Vénus, en robe brodée de chimères d’azur,
Était venue, cette nuit des années tristes du monde,
Rêver à sa naissance et aux destins futurs

Au bord de la mer monotone qui gronde
Sur les grèves et au pied des môles des cités,
Là-bas, où les phares tournent leurs lanternes rondes.

Et lasse de n’être plus et d’avoir été,
En mille temples, la déesse suprême des belles races,
Elle maudissait, dressant ses seins, la nouvelle déité.


Or Satan errait par là, fuyant la trace
De ses pieds fourchus sur l’étendue des sables.
Il blasphémait aussi le dieu pâle de la grâce.

Et quand il vit Vénus sortir de l’ombre comme de la fable
Il sentit bouillir en lui le vin noir de l’ivresse,
Et tordant, les griffes crispées aux lèvres, son râble,

Il sauta de tout son désir sur la déesse
Qu’il ploya sous le pantèlement épouvantable de son amour
Puis, fou de l’espoir d’une progéniture vengeresse,

Satan chanta ainsi jusqu’à l’heure blême du jour.



II



« En cette nuit d’or violet, où sonnent les cithares
Sous les citronniers lourds du fruit des Hesperides,
Je dénouerai tes cheveux où luisent des gemmes barbares.


J’arracherai de tes seins les bandelettes qui les brident
Et je déchirerai ta robe toute brodée de chimères
Qui cache ton corps en fleurs à mes baisers avides.

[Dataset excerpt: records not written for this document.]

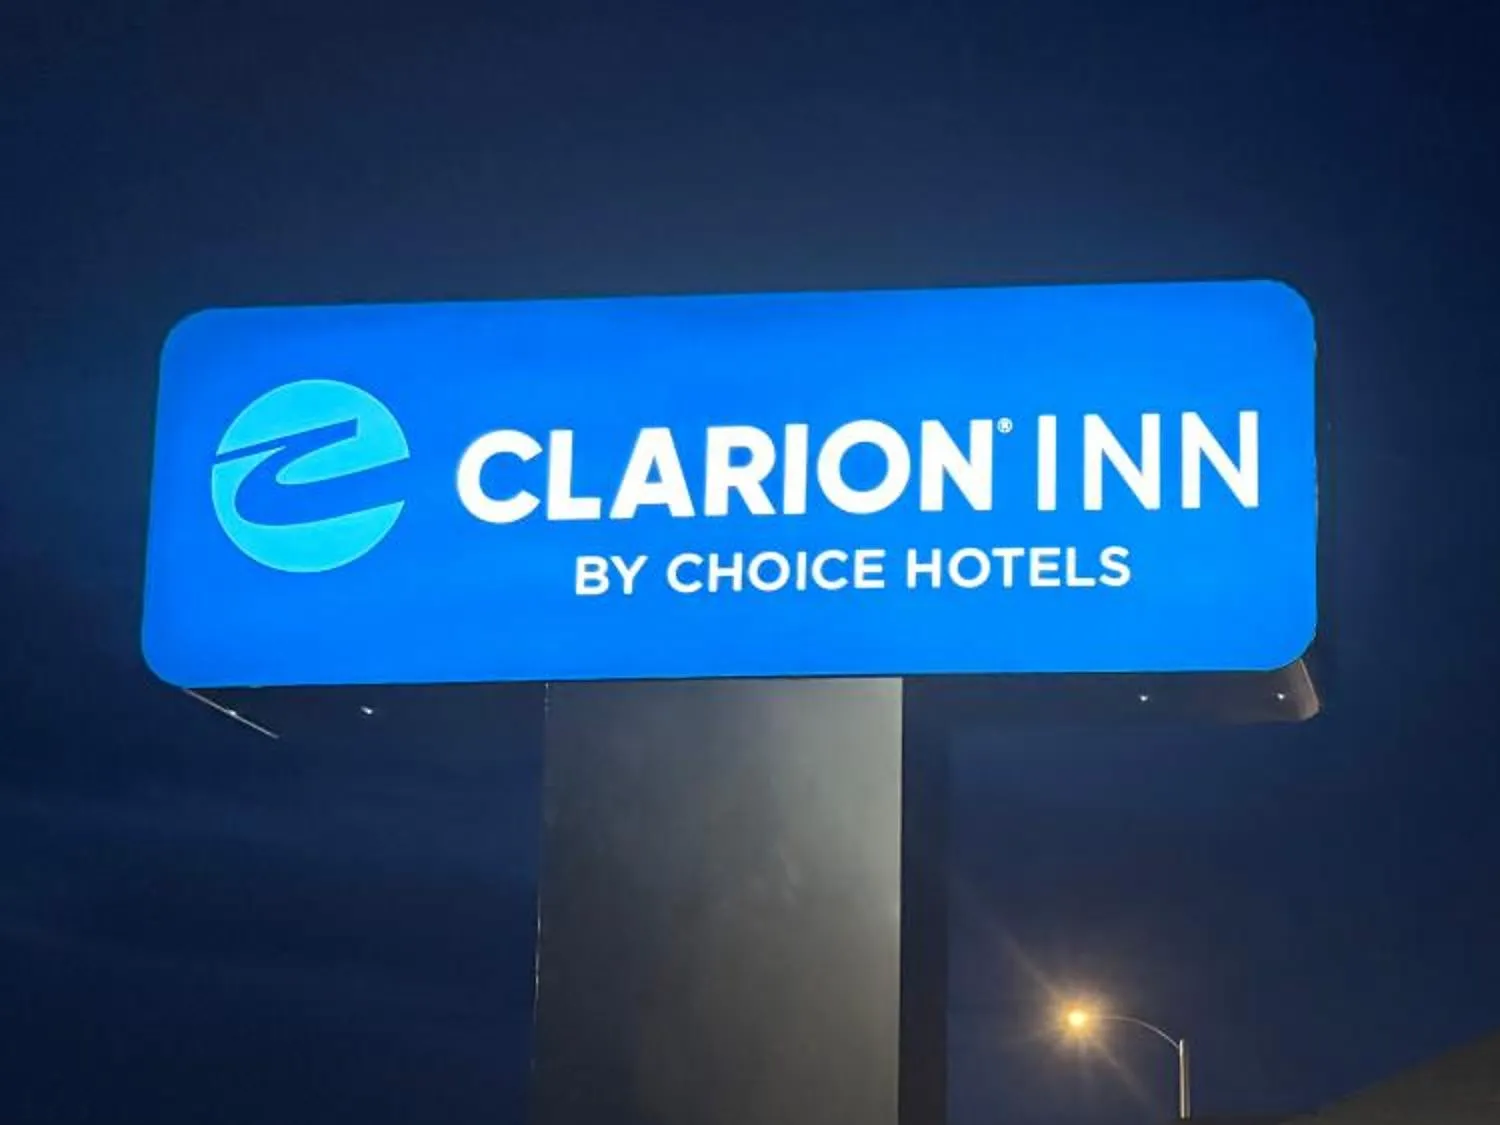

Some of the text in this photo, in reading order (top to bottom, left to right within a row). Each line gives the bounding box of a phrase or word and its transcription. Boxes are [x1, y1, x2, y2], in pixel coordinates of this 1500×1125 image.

[1038, 411, 1259, 511] INN
[575, 546, 1132, 595] BY CHOICE HOTELS
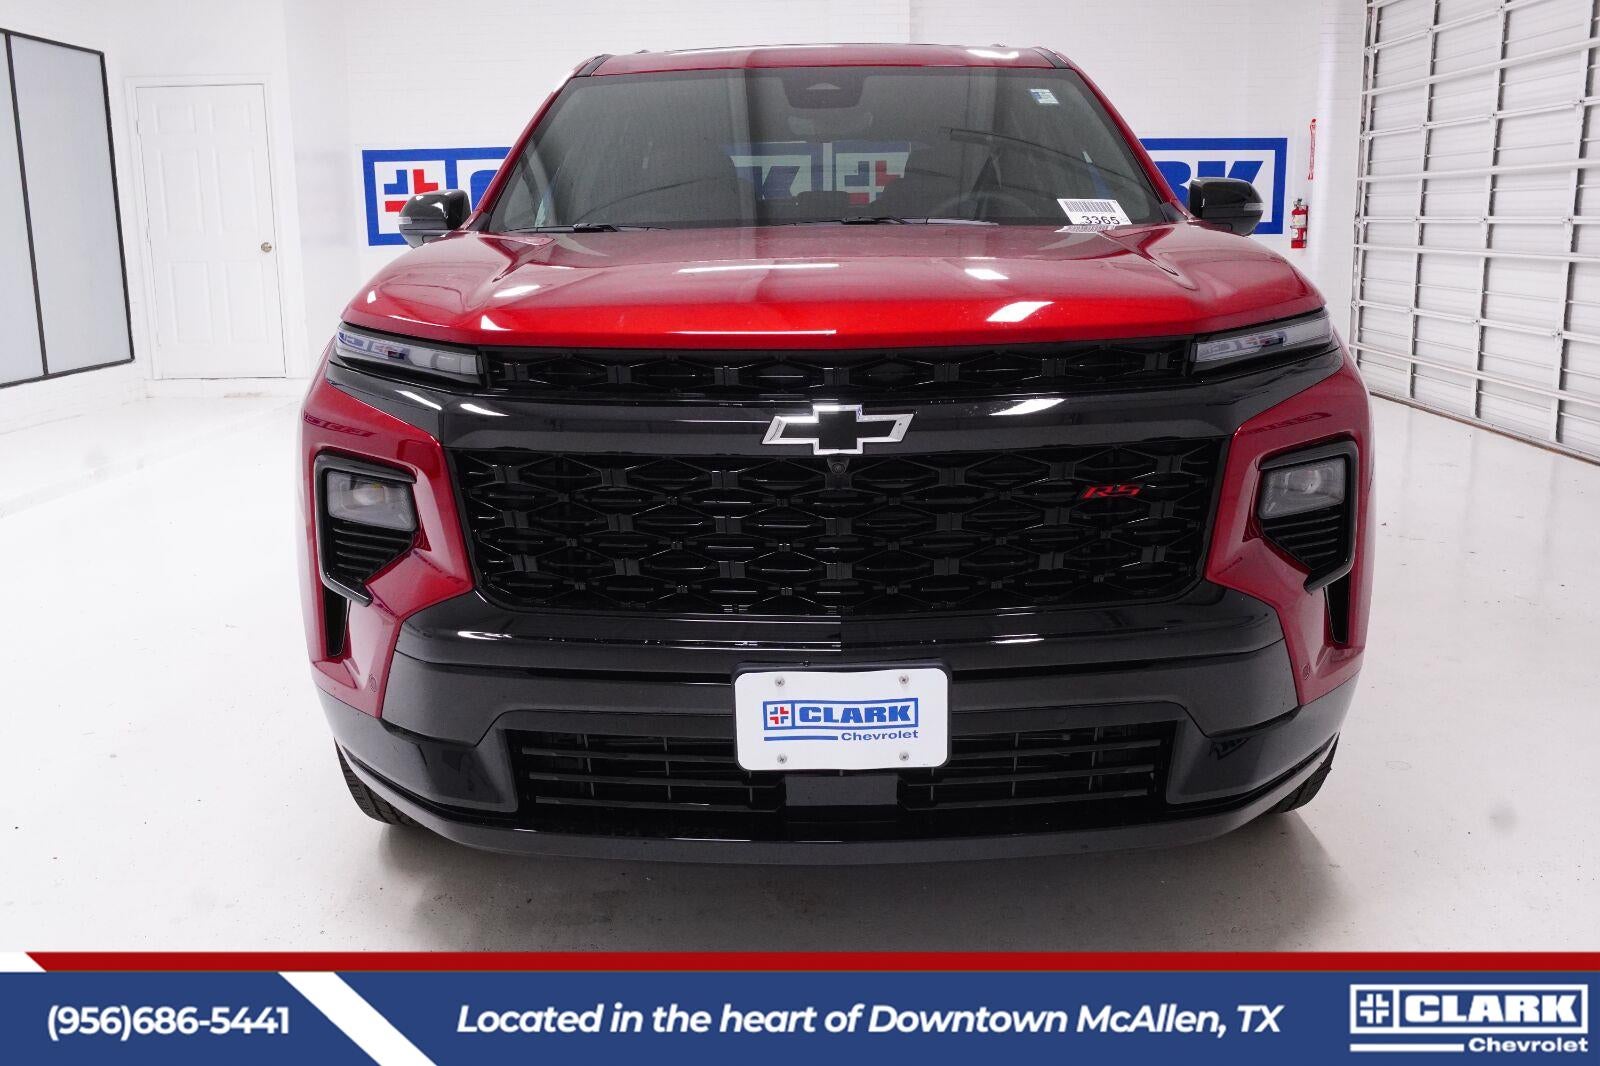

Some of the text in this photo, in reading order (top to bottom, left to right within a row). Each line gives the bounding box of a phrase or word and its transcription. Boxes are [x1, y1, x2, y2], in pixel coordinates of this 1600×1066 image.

[1081, 215, 1120, 225] 3365
[1082, 484, 1141, 499] RS
[799, 705, 911, 723] CLARK
[841, 730, 919, 741] Chevrolet

Et sur les âpres rochers où vient mourir la mer
Je te crierai : Tu es à moi, je suis à toi, déesse !
L’heure est celle, solennelle, qui fiancera nos chairs.

Dans ta bouche rouge j’étoufferai le cri de ta détresse,
Tes bras nus seront sans force contre ma bestiale étreinte,
Tes cuisses ne pourront clore ta rose à mes caresses.

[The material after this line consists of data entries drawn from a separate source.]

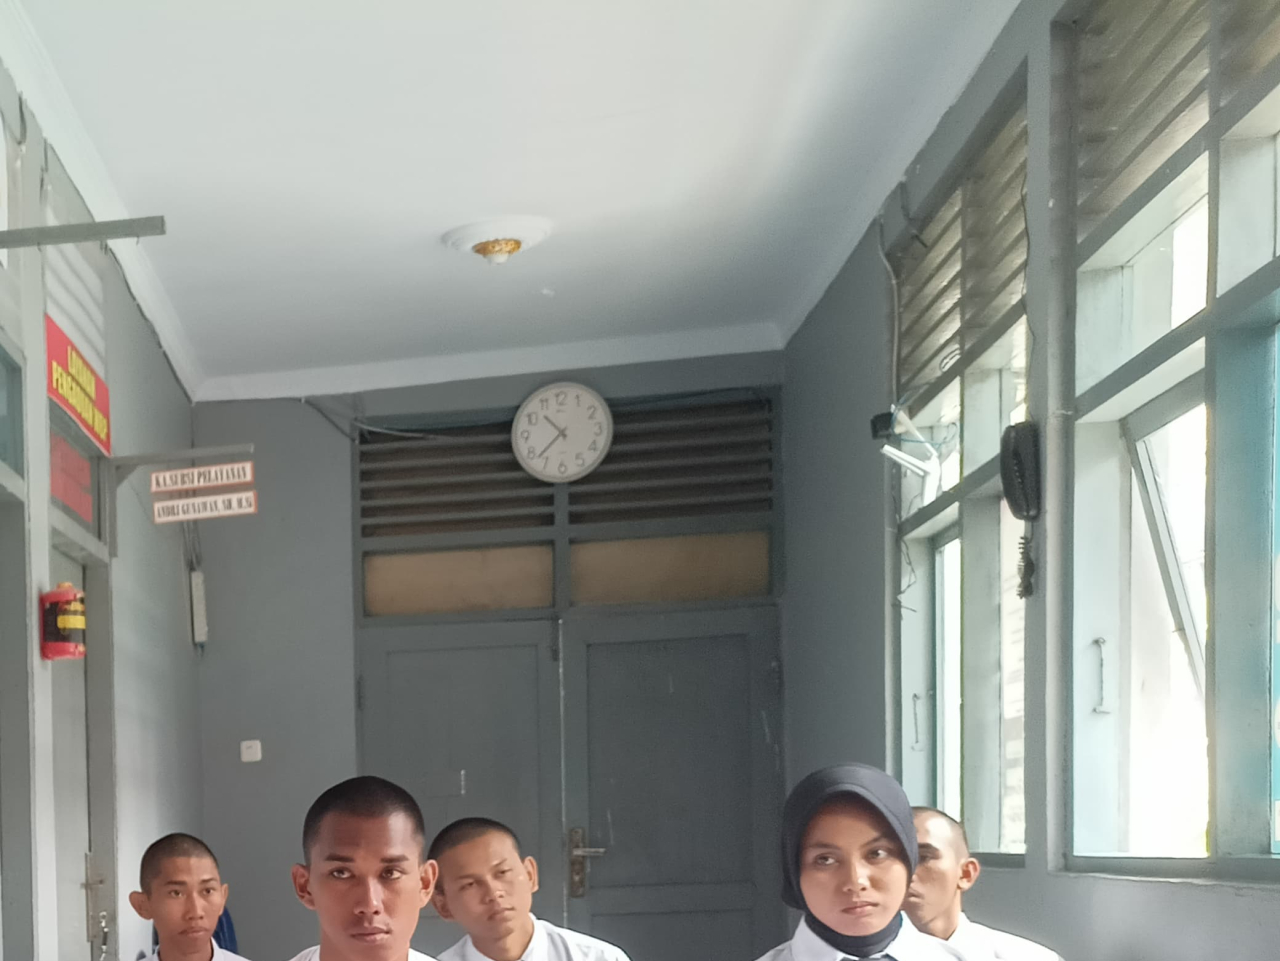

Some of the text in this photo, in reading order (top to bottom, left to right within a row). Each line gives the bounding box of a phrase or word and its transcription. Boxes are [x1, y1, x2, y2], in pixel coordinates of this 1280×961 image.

[539, 398, 549, 410] 11
[554, 391, 567, 406] 12
[575, 395, 581, 407] 1
[526, 412, 538, 426] 10
[587, 405, 597, 419] 2
[520, 429, 530, 443] 9
[593, 422, 603, 437] 3
[527, 446, 536, 459] 8
[587, 440, 598, 452] 4
[542, 456, 549, 470] 7
[575, 453, 585, 467] 5
[557, 461, 567, 474] 6
[197, 466, 247, 484] PELAYANAN

Je suis l’Épouvante qui vient la nuit, sous la feinte
De l’Amour, violer les vierges froides dans leurs couches
Affaissées, le matin, sous une double empreinte.

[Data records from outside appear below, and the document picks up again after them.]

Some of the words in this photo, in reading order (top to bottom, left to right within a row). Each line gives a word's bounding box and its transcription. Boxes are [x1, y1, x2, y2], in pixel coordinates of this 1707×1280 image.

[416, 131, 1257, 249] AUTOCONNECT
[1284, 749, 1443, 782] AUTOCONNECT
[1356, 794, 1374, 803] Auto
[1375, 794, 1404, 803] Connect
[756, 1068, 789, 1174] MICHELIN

Ouvre donc le collier de tes bras, donne ta bouche,
Et laisse éclore la fleur suprême de toi-même
Au Dieu dont les doigts sont fous et les yeux louches.

Des tonnerres, semble-t-il, meurent sur la mer extrême.
Des fruits d’or éclatent comme des flammes dans les vergers,
Les astres s’éparpillent sous une main qui les sème.


Je ne sens plus que la double brûlure de tes seins outragés,
Je ne vois plus que tes yeux d’amour où ton âme sombre,
Notre seul rythme est celui de mes reins lourds sur tes flancs légers.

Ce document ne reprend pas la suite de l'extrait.